Tek Başına Yükselen: Tanrıların Savaşı Novel Oku
Bölüm 288
Shuuu…
Cennetin Havarisi kaçarken, parçaladığı boyutsal yarık kendi kendini iyileştirmeye başladı.
Tamamen ortadan kaybolan cennet havarisinin varlığını doğrularken Ber'in gözleri parladı.
(Bir yerlerde yaşıyor olmalı. Beni tanımasına rağmen hâlâ hayatta olması, kendi hayatına son derece değer veren bir tür olduğu anlamına geliyor.)
Berga'nın uzayda karşılaştığı Itarim havarileri görünüş ve yetenek bakımından büyük farklılıklar gösteriyordu.
Bunun nedeni Itarim'in bir değil birçok olmasıdır.
Havarilerin hizmet ettiği yabancı tanrılar farklı olduğu gibi, her yabancı tanrının yarattığı yaratıkların yetenekleri de farklıydı.
Bu nedenle her yeni dış haber gelip savaş alanına girdiğinde savaşın niteliği değişiyordu.
Hepsini durdurmak zorunda olan Sung Jin-woo'nun bakış açısına göre bu, sürekli olarak asker ekleyen devasa bir koalisyon gücüyle bitmek bilmeyen bir mücadele gibiydi.
Ancak her ne kadar onlara müttefik kuvvetler denilse de, daha derine baktığınızda Itarimler arasında bile görünmez çatışmalar vardı.
Başlangıçta aynı tarafta değillerdi ama hedefleri aynı olduğu için bir süre güçlerini birleştirdiler.
Sung Jin-woo adlı güçlü bir düşmanla yüzleşmek için geçici olarak bir araya getirilmişlerdi, ancak bu evreni istila etmelerinin asıl amacı 'tekelleştirmek'ti.
Şans eseri güçlü Sung Jin-woo'nun ordusunu yenip bu evreni ele geçirmeyi başarsalar bile savaşları bitmeyecekti.
O andan itibaren muzaffer yabancı tanrılar, bu evrende kalan büyük miktardaki büyü gücünü tekellerine almak için birbirleriyle rekabet edecekler.
Bu süreçte, bu evren ve Dünya'yı çevreleyen boyut, eninde sonunda yüzlerce veya binlerce parçaya bölünecek ve bunlar, boyut boşluklarında sonsuza kadar sürüklenecek.
(... ... Bu yüzden savaş sırasında bile birbirlerinin arkasından konuşmayı çok iyi biliyorlar. Önce diğer yabancı güçleri ön cepheye gönderiyorlar, sonra da kendi kuvvetlerini korumak için arkaya çekiyorlar.
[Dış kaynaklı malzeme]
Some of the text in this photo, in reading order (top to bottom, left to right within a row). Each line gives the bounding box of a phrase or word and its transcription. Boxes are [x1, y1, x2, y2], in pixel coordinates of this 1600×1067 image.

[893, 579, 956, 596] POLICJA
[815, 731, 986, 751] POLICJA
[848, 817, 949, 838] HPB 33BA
Birbirlerini arkadan vurmak için gizemli yöntemlere başvuruyorlar.)
Ber'in açıklaması kısaca üçlü bir mücadele.
Hayır, bunun doğru ifade olup olmadığını bilmiyorum ama en az birkaç düzine savaştı.
Sung Jin-woo'nun sonsuz koalisyon güçlerine karşı bir santim bile geri adım atmadan ayakta durabilmesi de onun lehine çalışan bu faktörler sayesinde oldu.
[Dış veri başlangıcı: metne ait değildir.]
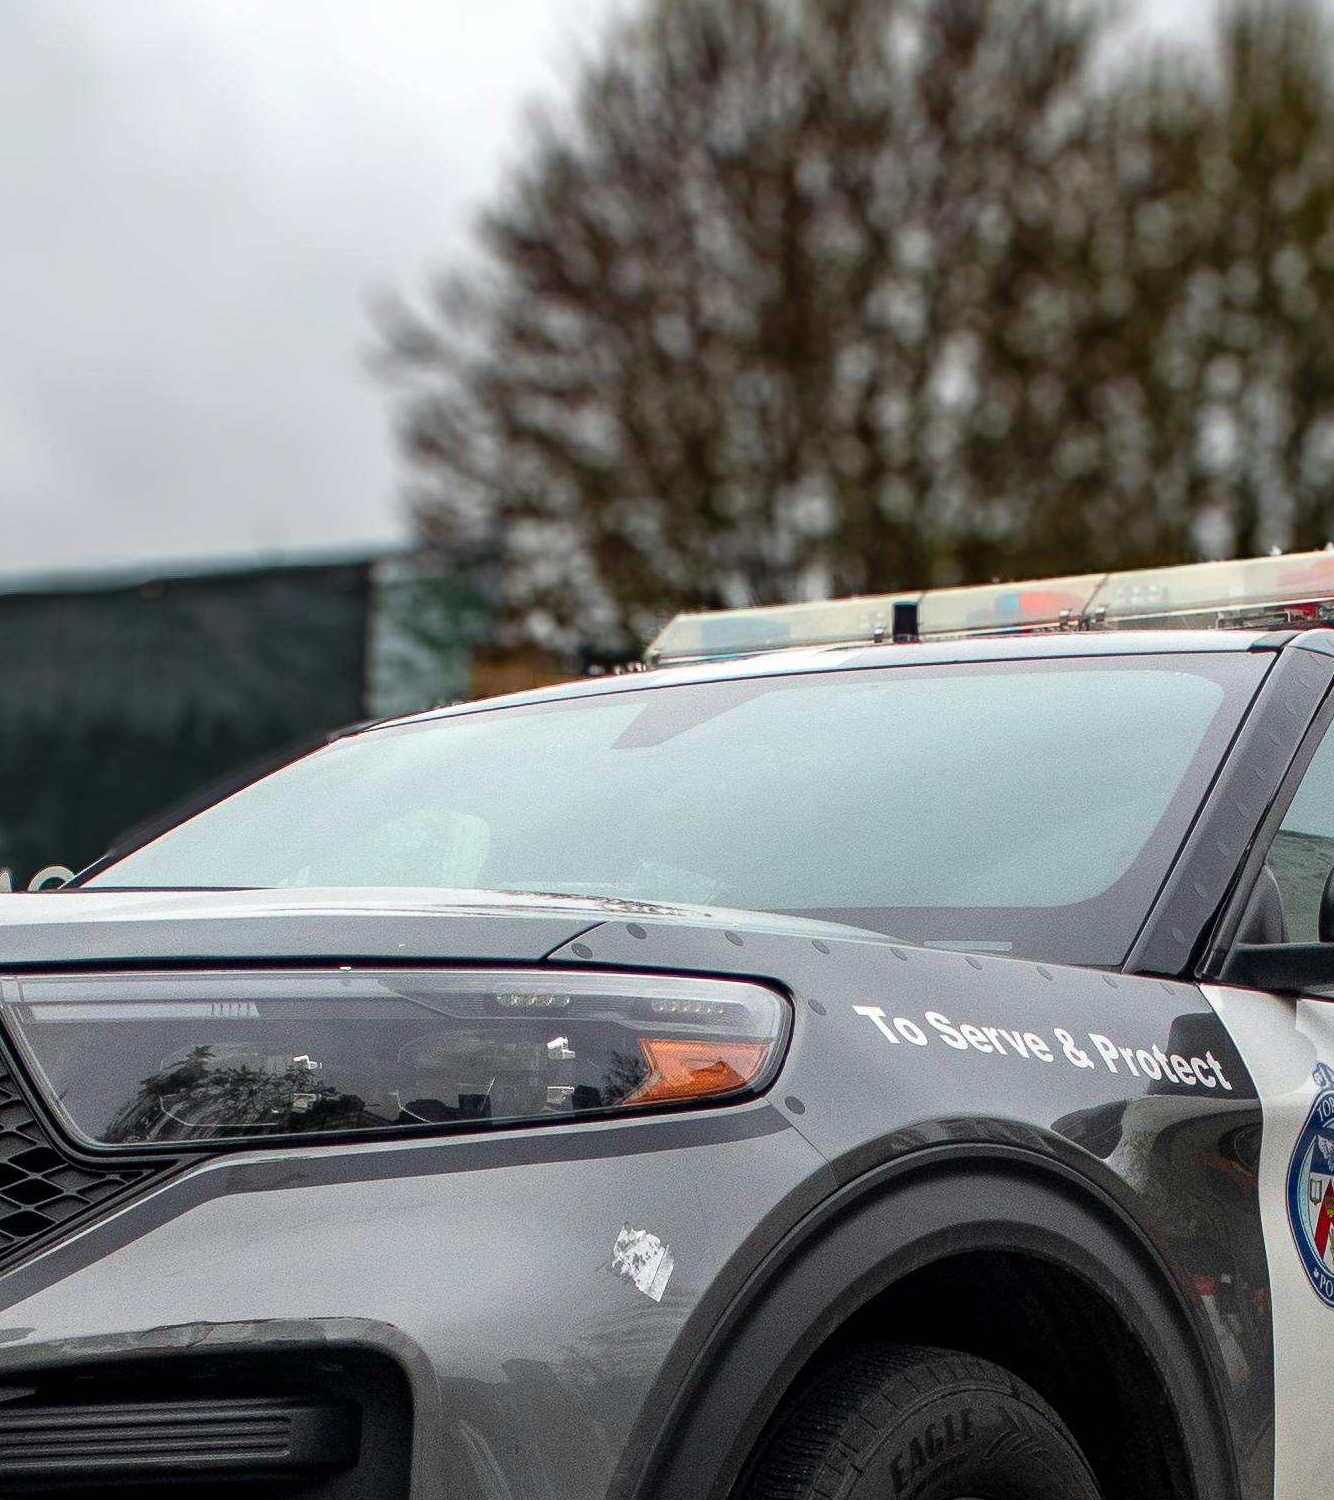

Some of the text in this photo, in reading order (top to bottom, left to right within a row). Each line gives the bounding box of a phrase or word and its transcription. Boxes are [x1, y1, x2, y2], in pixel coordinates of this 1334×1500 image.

[852, 1004, 1233, 1091] To Serve & Protect
[889, 1407, 974, 1496] EAGLE
“Açıklama için teşekkür ederim ama bana daha sonra açıklayabilir misin?”
Suho'nun önündeki durum, Ber'in uzun açıklamasını sessizce dinlemesine pek uygun değildi.
Aman tanrım!
Kwaaaaaaaah-!
Cennetin Elçisi kaçmış olsa da savaş henüz bitmemişti.
Elçinin yanmış ve erimiş eti şehrin dört bir yanına dağıldı ve gübre haline gelerek Alfheim'ın öfkesini hızlandırdı.
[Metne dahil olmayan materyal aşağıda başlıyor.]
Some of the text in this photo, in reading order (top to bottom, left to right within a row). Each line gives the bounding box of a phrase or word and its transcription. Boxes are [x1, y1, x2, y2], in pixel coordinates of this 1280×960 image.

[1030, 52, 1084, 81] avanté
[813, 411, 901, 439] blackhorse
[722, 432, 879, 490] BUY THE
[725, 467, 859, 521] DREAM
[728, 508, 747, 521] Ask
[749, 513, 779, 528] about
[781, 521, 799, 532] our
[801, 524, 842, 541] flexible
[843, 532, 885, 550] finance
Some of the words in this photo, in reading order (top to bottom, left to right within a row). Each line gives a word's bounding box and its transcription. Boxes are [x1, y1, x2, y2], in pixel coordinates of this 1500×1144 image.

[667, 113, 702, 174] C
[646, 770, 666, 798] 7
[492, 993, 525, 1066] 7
Bu durum Sirka'nın ruhuna yenik düşen soğuğun ruhları üzerinde de büyük bir etki yarattı.
Grrrrrrrr!
Soğuğun vahşi ruhları o kadar büyüdü ki sanki tüm dünyayı dondurdular ve ilk kez Sirka'nın çekicini saptırdılar.
Hepsi bu değildi.
('Beceri: Yıkımın Nefesi'ni kullanın.)
Bum!
Suho'nun soluduğu yıkım nefesi, dev soğuk ruhunun bedenindeki büyük bir delikten geçti.
Yanmak yerine eriyordu.
Sudaki pamuk şekeri gibi.
Bu gerçekten son derece güçlü bir kombinasyon.
Ancak şaşırtıcı bir şekilde büyük delik hızla orijinal durumuna geri döndü.
Şşş…
Çevreyi saran kar fırtınası bir anda esti ve soğuğun ruhunun yaralarını doldurdu.
Soğuğun ruhları şeytanlar değil, mevsimin kendisidir.
Sonunda mesele şuydu ki, onları tamamen yok etmek için bu şehri ve bu örnek zindanı saran kışı yakmamız gerekiyordu.
“Herkes dışarı çıksın!”
vaaay-
('Beceri: Hükümdarın Bölgesi'ni kullanın.)
Suho'nun ayaklarının çevresinde siyah bir gölge şehri doldurdu.
Üstünde, vücutları kızıl alevlerle parıldayan bir gölge ordusu hep birlikte yükseliyor.
“Herkes güverteye!”
Euaaaahhhhhhh!
Suho'nun emriyle binlerce gölge asker aynı anda kükredi ve ileri atıldı.
Bir zamanların görkemli kötü adam şehri tamamen yanmaya başladı.
Ama peşinde oldukları şey soğuğun ruhu değildi.
“Bunlar Sirka'nın yiyeceği şeyler.”
Muhafız ve Gölge Lejyonu başka bir yeri hedef aldı.
Alfheim'dı.
“O ağacı yiyoruz.”
Artık beyni ortaya çıkardığımıza ve şehrin sırlarını açığa çıkardığımıza göre, daha fazla geri durmamıza gerek yok.
Svaaaaaaah!
vay beeeeeeek!
Yerin altından gökyüzünün üstüne.
Binlerce çirkin dal ve ağaç kökleri hızla dünyadan dışarı fırlıyor.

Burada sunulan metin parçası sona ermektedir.